The different tremors of Parkinson’s disease
PD harbors several different tremors that are variable in frequency, amplitude, distribution, constancy, context in which they occur, and provoking situations [2]. The classical Parkinson’s tremor occurs at rest, is often asymmetric, has a distal maximum and a typical frequency of 4–6 Hz [3]. Many PD patients also have a postural tremor of the hands, which can have many different origins [4]. Most commonly (in 34–60% of the cases) this is the rest tremor returning when the hand has assumed a new stable position (this is called ‘re-emergent tremor’; see online video supplement). Therefore, the term “tremor of stability” may be more appropriate than “resting tremor” [2]. Although this has never been tested, re-emergent tremor probably has the same pathophysiology and response to treatment as resting tremor. Resting tremor does not necessarily disappear completely after a voluntary action, but it’s amplitude is reduced in 90% of PD patients. In contrast, tremor is suppressed in only 6.5% of ET patients with resting tremor [5]. Other postural tremors often have a (slightly) higher frequency than resting tremor. They may have different etiologies, e.g. occurring in a dystonic limb, or resemble ET (although its pathophysiology is probably different from that of ET [6–8]. The frequencies of common tremor forms (such as dystonic tremor and ET) overlap with that of Parkinson’s tremor. Therefore, electrophysiological frequency analysis cannot serve as diagnostic criterion but may be a supportive ancillary test in unclear cases. Note that clinical tremor assessments are as good as objective tremor measurements (e.g. accelerometry) in estimating tremor severity [9, 10]; therefore, an adequately trained clinical eye remains crucial.
HOW TO INVESTIGATE PARKINSON’S TREMOR
1. Tremor distribution. Parkinson’s tremor can affect several parts of the body, typically involving the limbs, but sometimes also the lips and chin (in contrast to dystonic head tremor, where involvement of the lips and chin is rarely seen). Some patients have signature features such as a pill-rolling tremor, where there is a thumb flexion from neutral position. Such a pill-rolling tremor has important diagnostic value, as it is seen in only a limited number of conditions: apart from PD, it can also be seen in drug induced parkinsonism or in a limited number of atypical parkinsonism (MSA, PSP-P, and sporadically in Lewy body dementia). In contrast, however, patients with dystonic tremor often have a thumb extension tremor [11]. The form and distribution of tremor can vary within a single patient, depending on the limb position. Therefore, it is useful to look for resting tremor in different arm positions (e.g. during walking, sitting with hands in the lap, or hanging on the sides; see online video supplement). In many patients, the resting tremor amplitude reachesits maximum during walking, and sometimes the tremor is only visible during walking (when the arms are usually fully relaxed) [12]. Tremor assessment can therefore already start when walking with the patient to the examination room.

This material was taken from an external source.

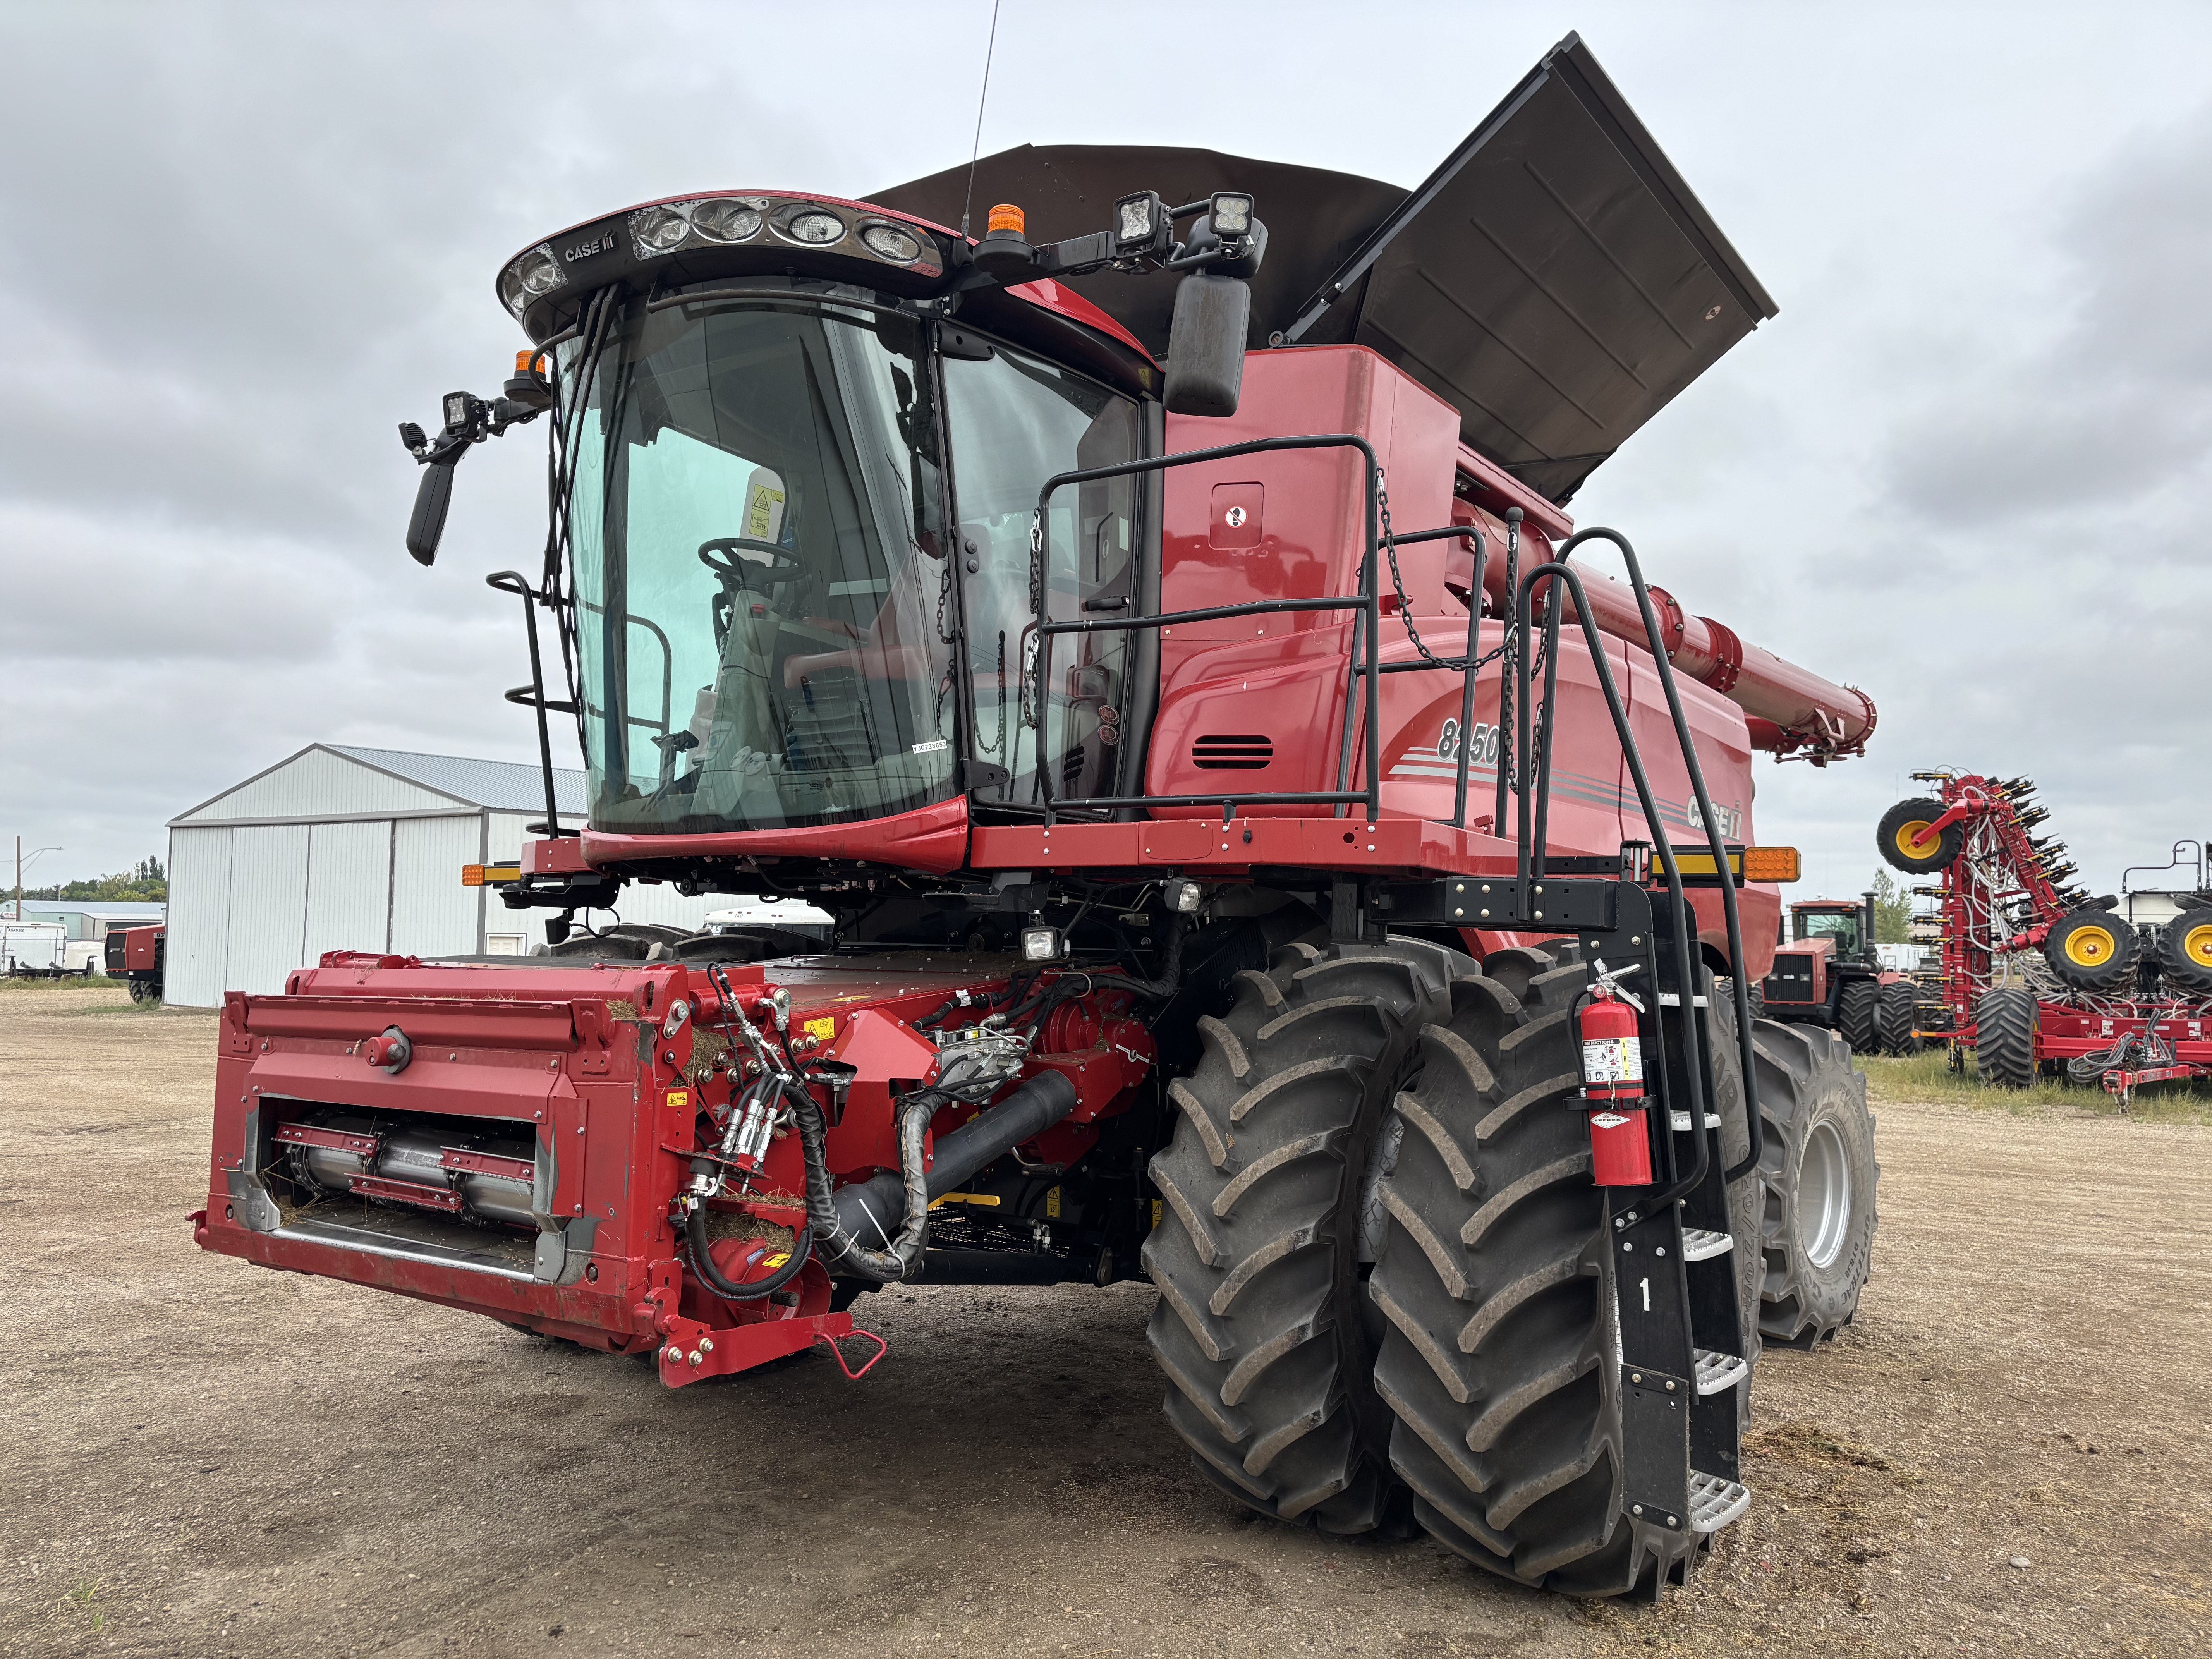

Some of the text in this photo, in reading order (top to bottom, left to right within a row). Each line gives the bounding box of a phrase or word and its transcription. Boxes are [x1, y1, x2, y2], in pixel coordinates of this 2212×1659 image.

[565, 241, 600, 262] CASE
[913, 742, 946, 751] YJG238653
[1841, 1214, 1870, 1305] OPTITRAC
[1640, 1278, 1650, 1311] 1

2. The context in which tremor occurs. Resting tremor occurs at rest, but it is not always easy to have a patient completely relaxed. When in doubt, we test for resting tremor when the patient is lying down on a bed, to rule out gravitational force and muscle co-contraction. When subjects are examined in a seated position, it may help to have the arms hangingfrom the sides. In both cases, it is important to make sure that the full range of motion of the tremulous limb can be achieved (see online video supplement). When assessing resting tremor, two aspects are important: its maximum amplitude and the tremor constancy. Both items are now part of the MDS-UPDRS [13], and require the clinician’s awareness during the whole examination.
To assess postural tremor, we use a few different postures: arms stretched out, the bat-winging position (which is more sensitive to proximal tremors, and to dystonic tremor), and wrist extension (this can also unveil negative myoclonus). It is useful to expose the patient’s chest during these tasks, because the pectoral muscles may contract during dystonic posturing of the arm. Furthermore, asking the patient to slowly rotate the outstretched arms from pronation to supination may show a position-specific tremor – which is a sign of dystonic tremor.

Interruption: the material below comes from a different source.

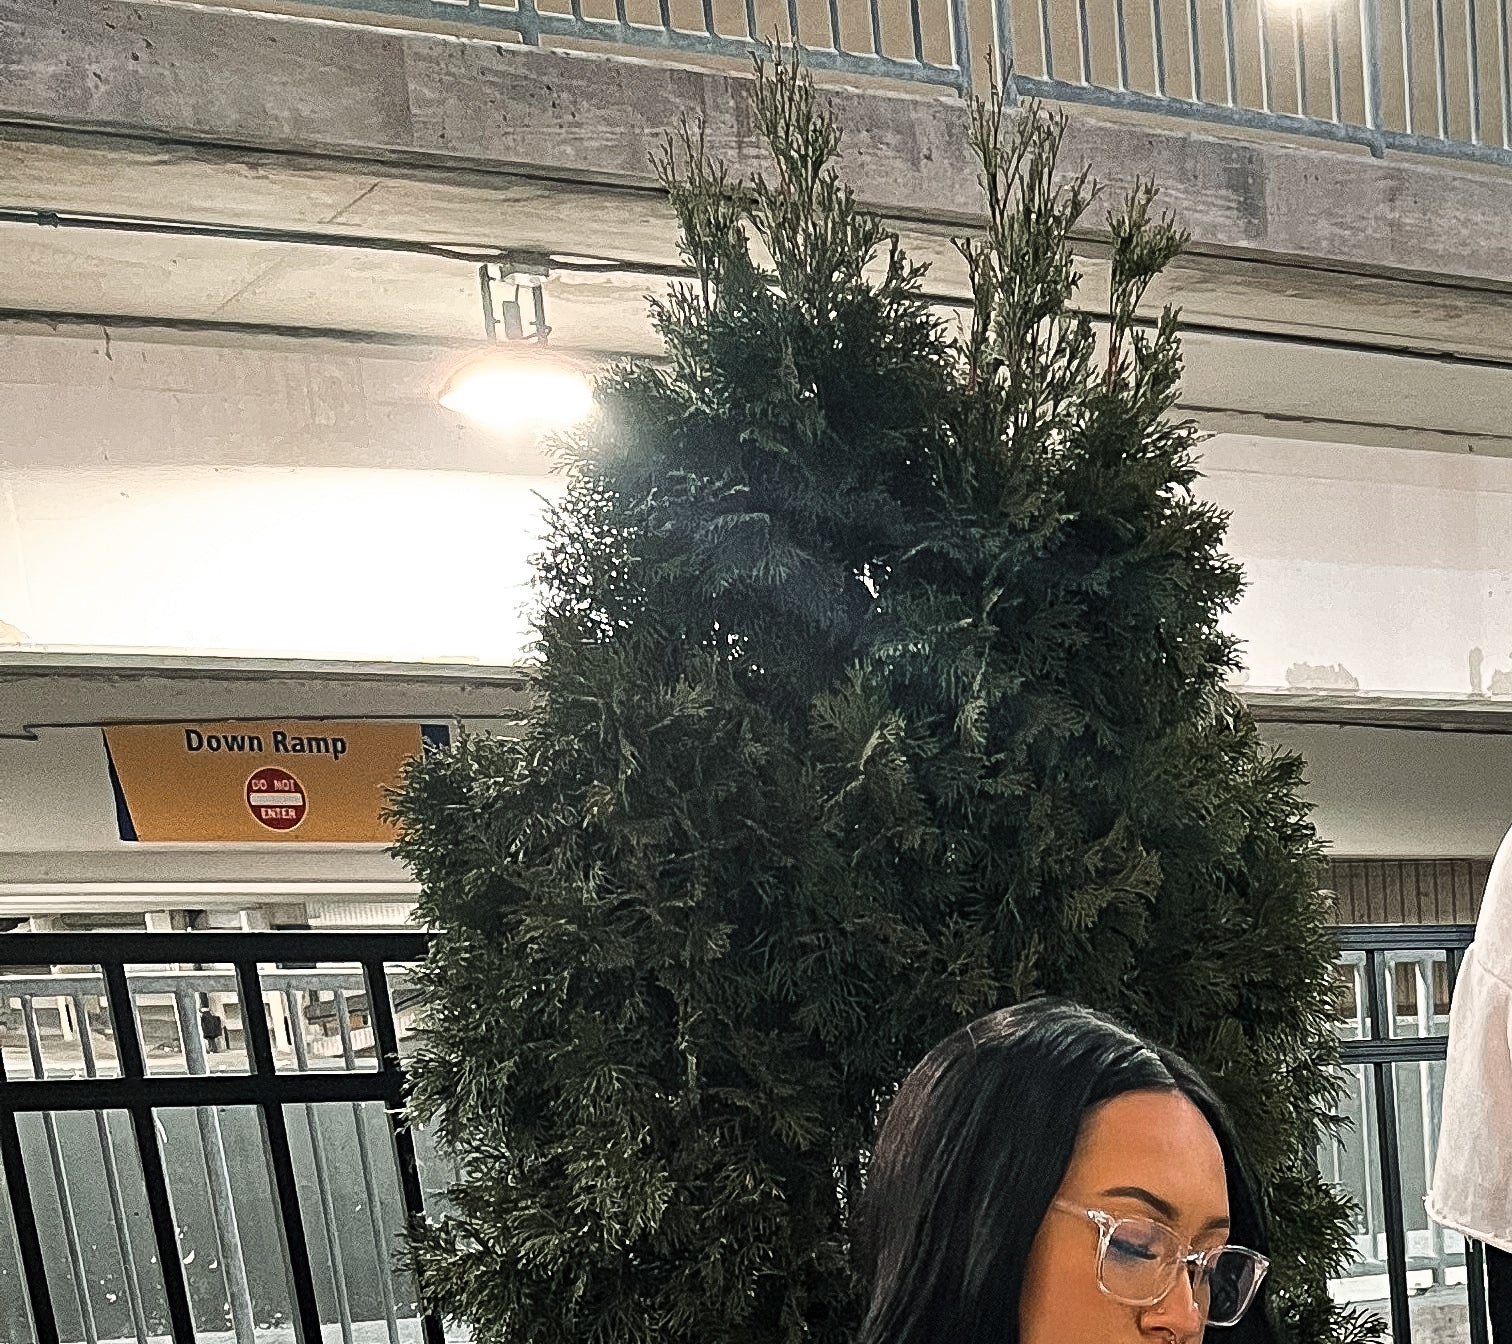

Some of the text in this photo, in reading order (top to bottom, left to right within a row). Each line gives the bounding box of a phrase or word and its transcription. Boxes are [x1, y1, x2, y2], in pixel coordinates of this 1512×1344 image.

[184, 728, 347, 761] Down Ramp
[251, 779, 295, 791] DO NOT
[260, 807, 296, 819] ENTER

When evaluating re-emergent tremor it is important to realize that small voluntary adaptation movements may prevent a re-emergent tremor to occur. Therefore, we usually ask patients to make a brief ballistic movement and then obtain a stable posture for up to 60 seconds. To assess resting tremor suppression by a voluntary movement (and to test for tremor re-emergence thereafter), wrist extension is often more suitable than the other postures, because this movement can be done rapidly (see online video supplement).
Kinetic tremor is typical for ET but also occurs in a significant portion of PD patients. To test for this, the finger-nose manoeuvre, the finger-chase or even more practical tests like drinking and pouring water from one cup into another are quick and sufficient tests to evaluate functional impairments in daily life (see online video supplement). Here clear instructions are essential to rule out possible compensation or suppression mechanisms. The patient should be told to perform the manoeuvre with a large range of motion by abducting the upper arms away from the chest wall. Otherwise the tremor could be suppressed by fixating the upper arm. Writing and drawing spirals or straight lines, as parts of the “Fahn-Tolosa-Marin Tremor rating scale” [14] can be used to easily monitor therapeutic effects in the clinic or at home over a longer period of time. If patients have an intention tremor, then this would signal the presence of cerebellar tremor.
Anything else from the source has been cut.